Give the data again in full, without pictures.

Records for this task section start

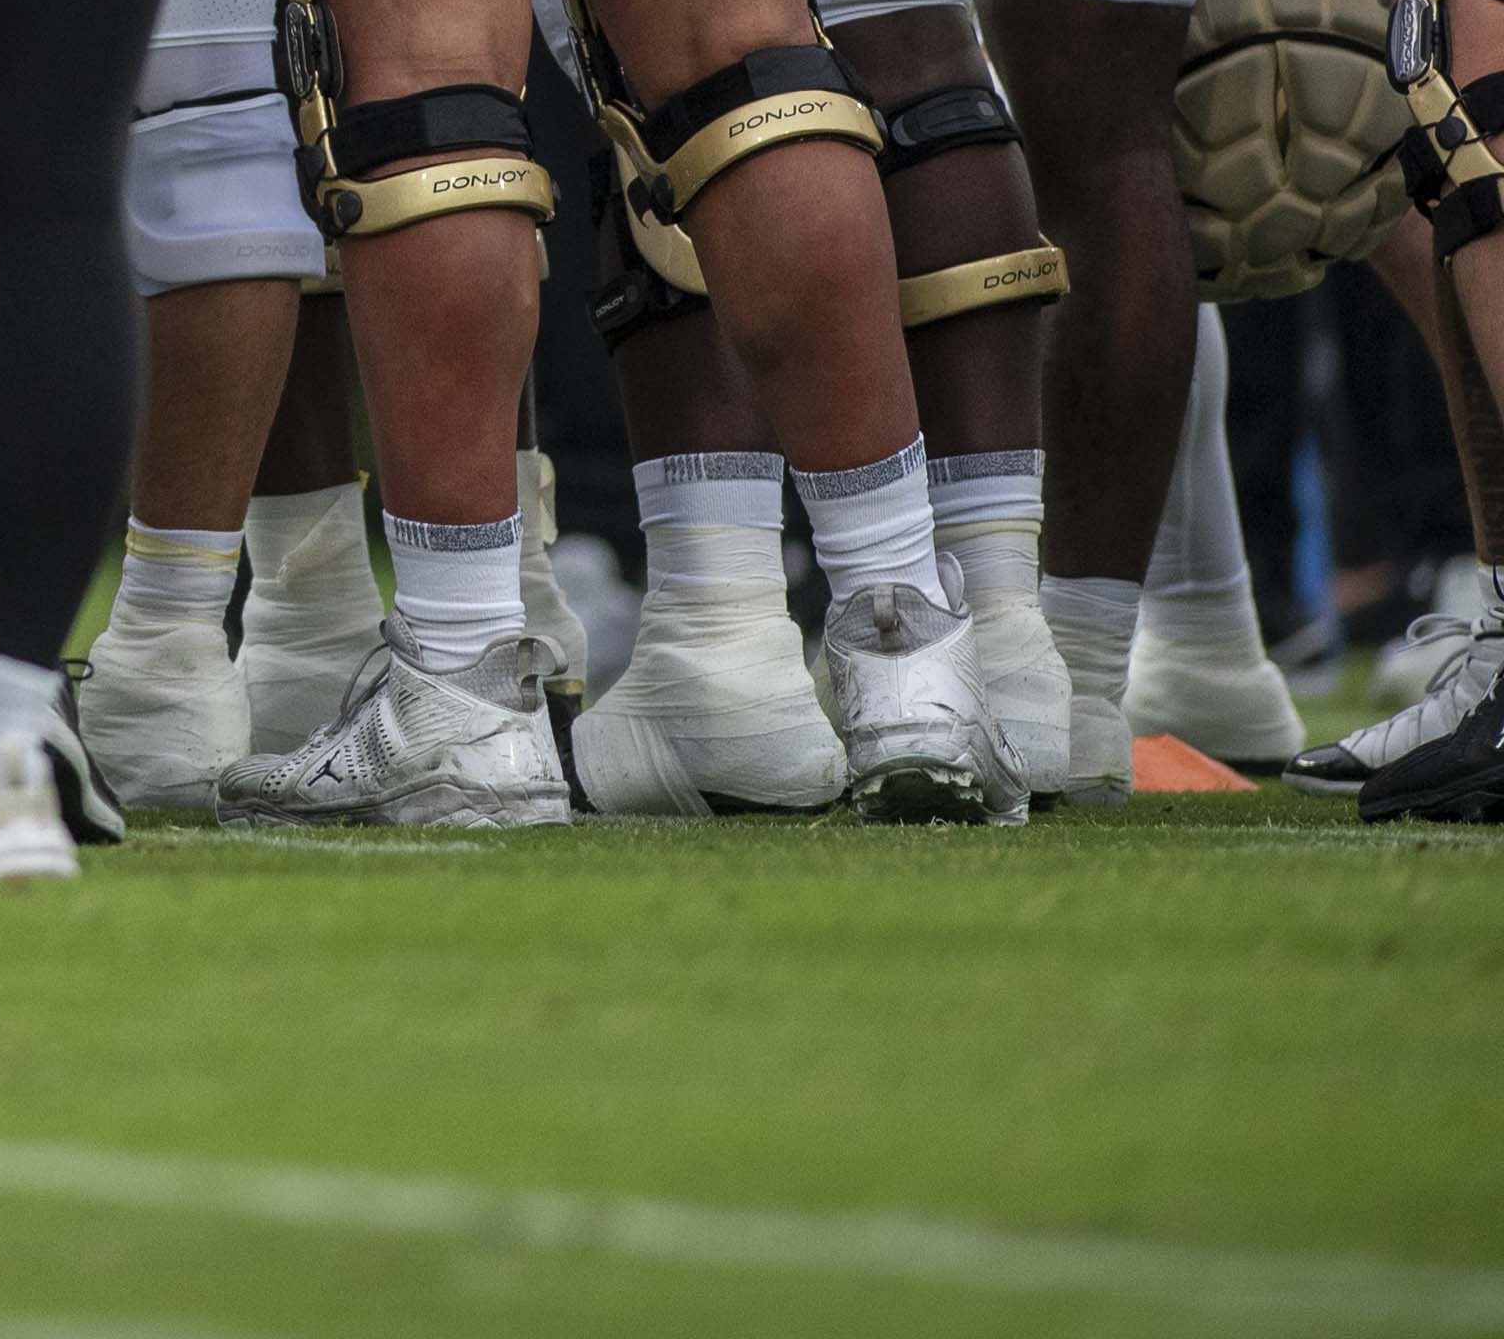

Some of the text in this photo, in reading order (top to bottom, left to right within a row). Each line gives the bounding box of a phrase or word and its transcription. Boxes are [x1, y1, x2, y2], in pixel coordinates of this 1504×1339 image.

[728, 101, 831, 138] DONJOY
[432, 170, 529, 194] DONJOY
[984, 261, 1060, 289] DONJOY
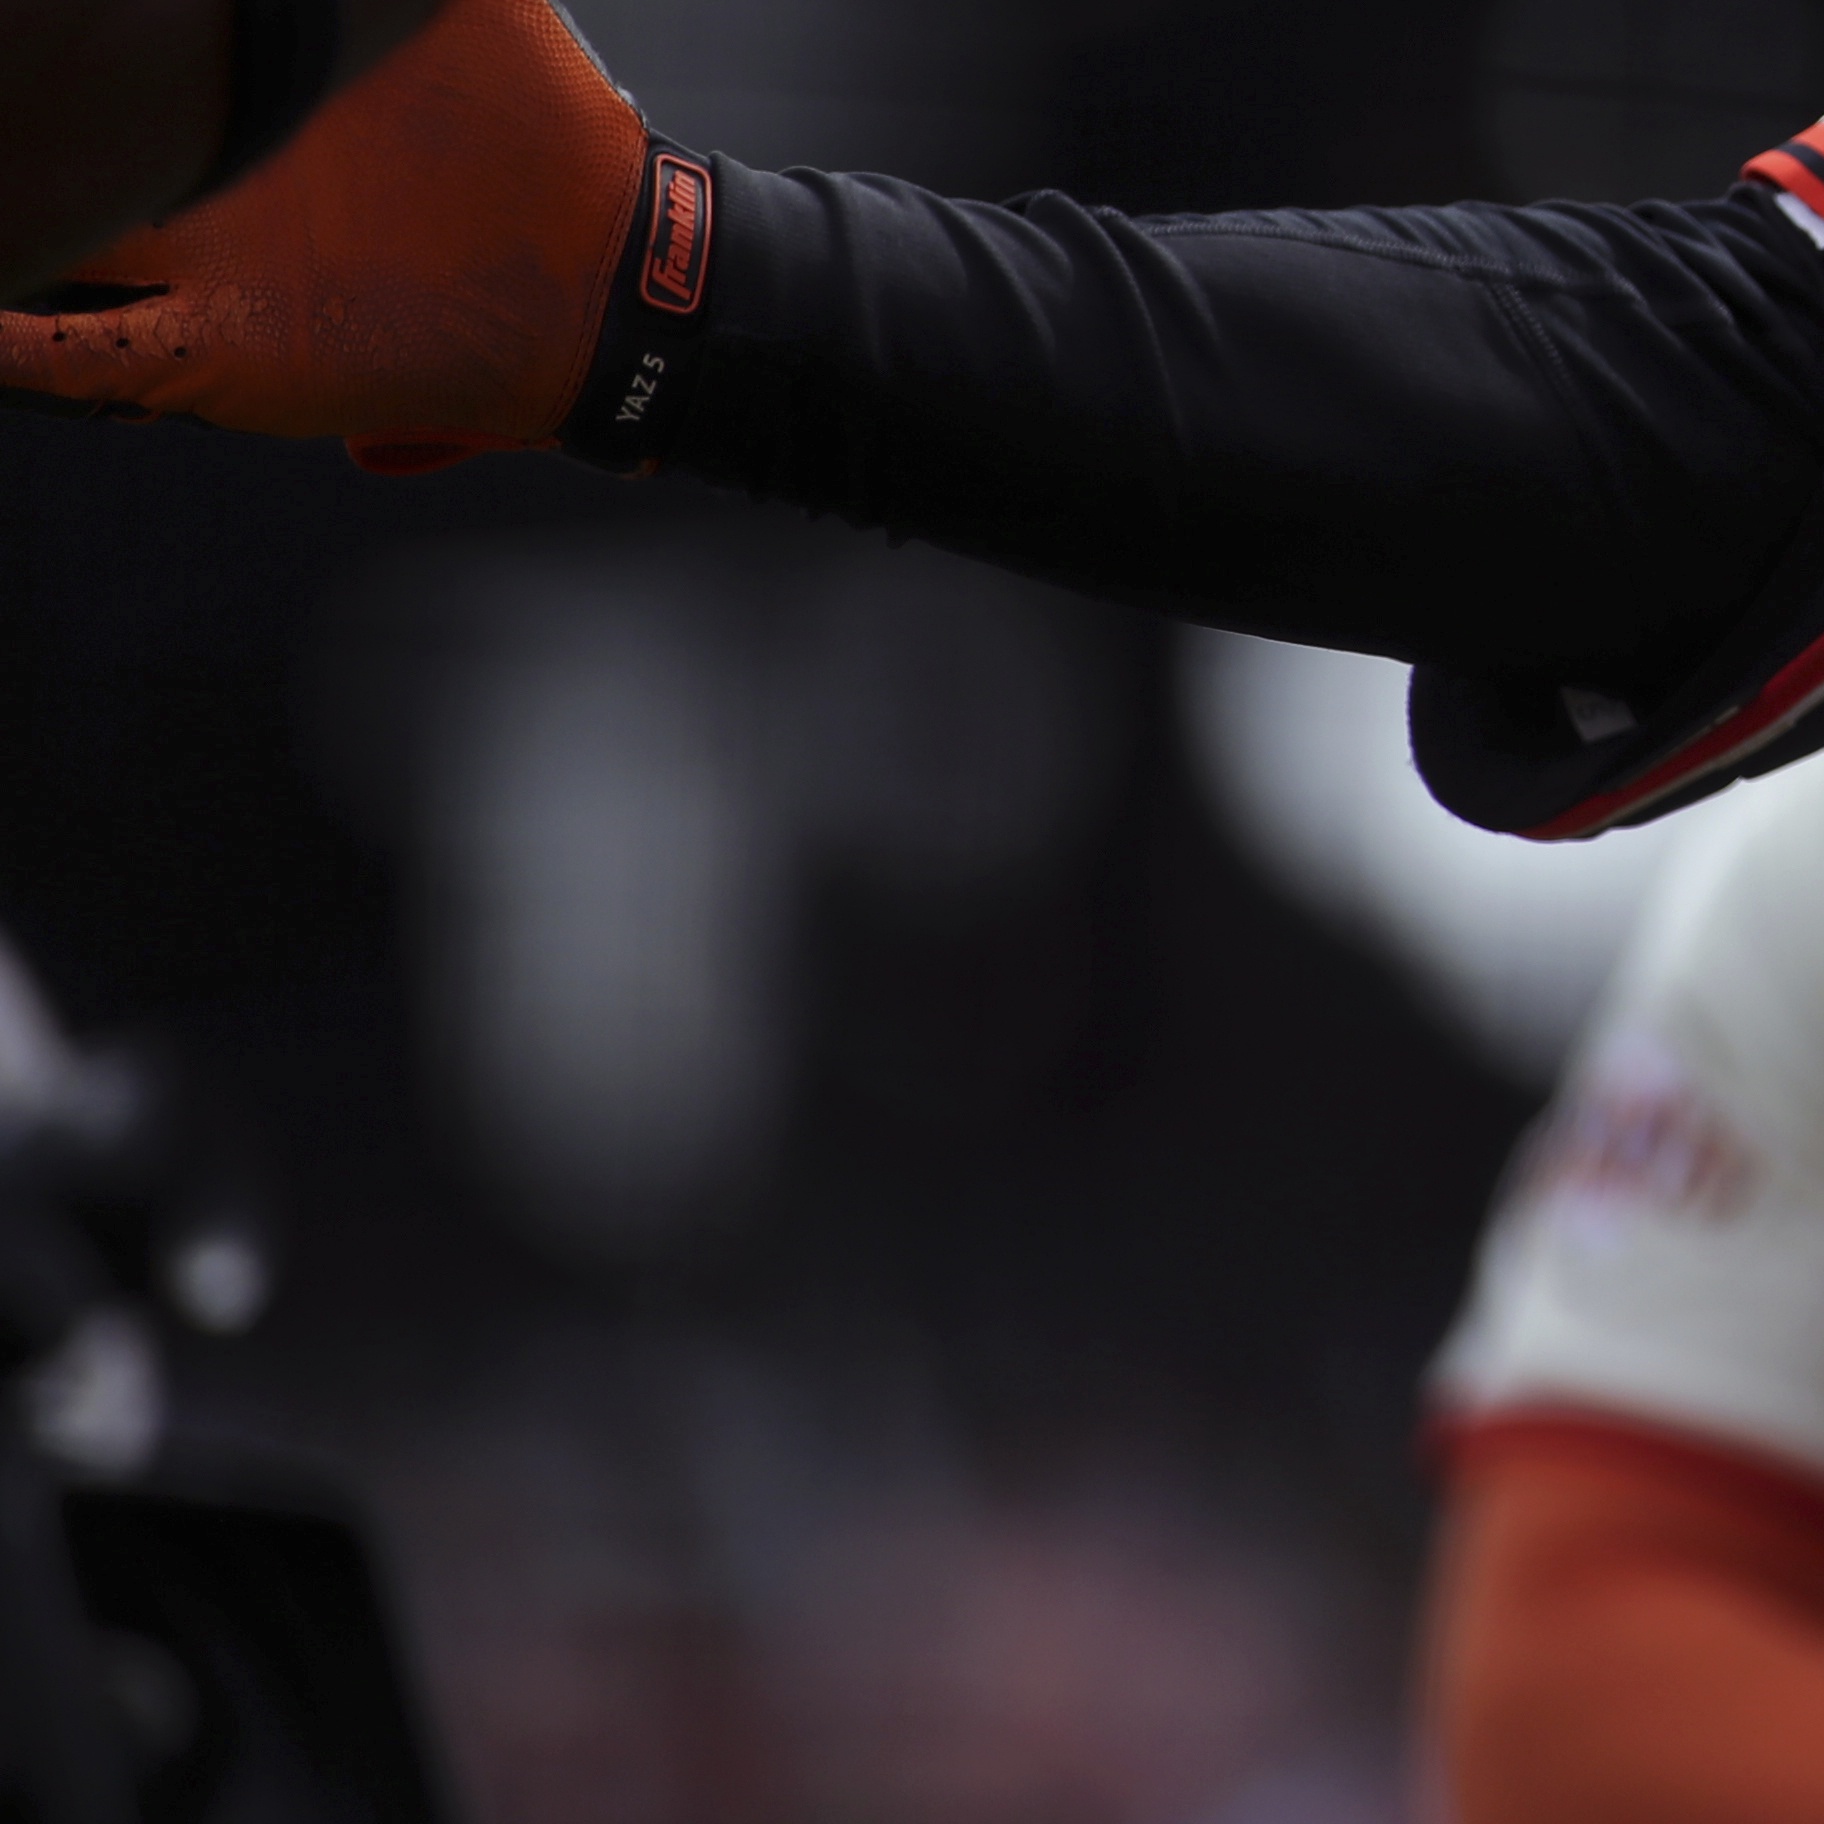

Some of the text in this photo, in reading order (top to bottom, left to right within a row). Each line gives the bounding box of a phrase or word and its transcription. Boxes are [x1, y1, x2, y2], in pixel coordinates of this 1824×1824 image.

Records for this task section end

**Output of the task**
Some of the text in this photo, in reading order (top to bottom, left to right within a row). Each line gives the bounding box of a phrase or word and its transcription. Boxes are [x1, y1, x2, y2], in pixel coordinates of this 1504×1339 image.

[728, 101, 831, 138] DONJOY
[432, 170, 529, 194] DONJOY
[984, 261, 1060, 289] DONJOY

Some of the text in this photo, in reading order (top to bottom, left to right within a row). Each line gives the bounding box of a phrase or word and its transcription. Boxes are [x1, y1, x2, y2], in pixel coordinates of this 1824×1824 image.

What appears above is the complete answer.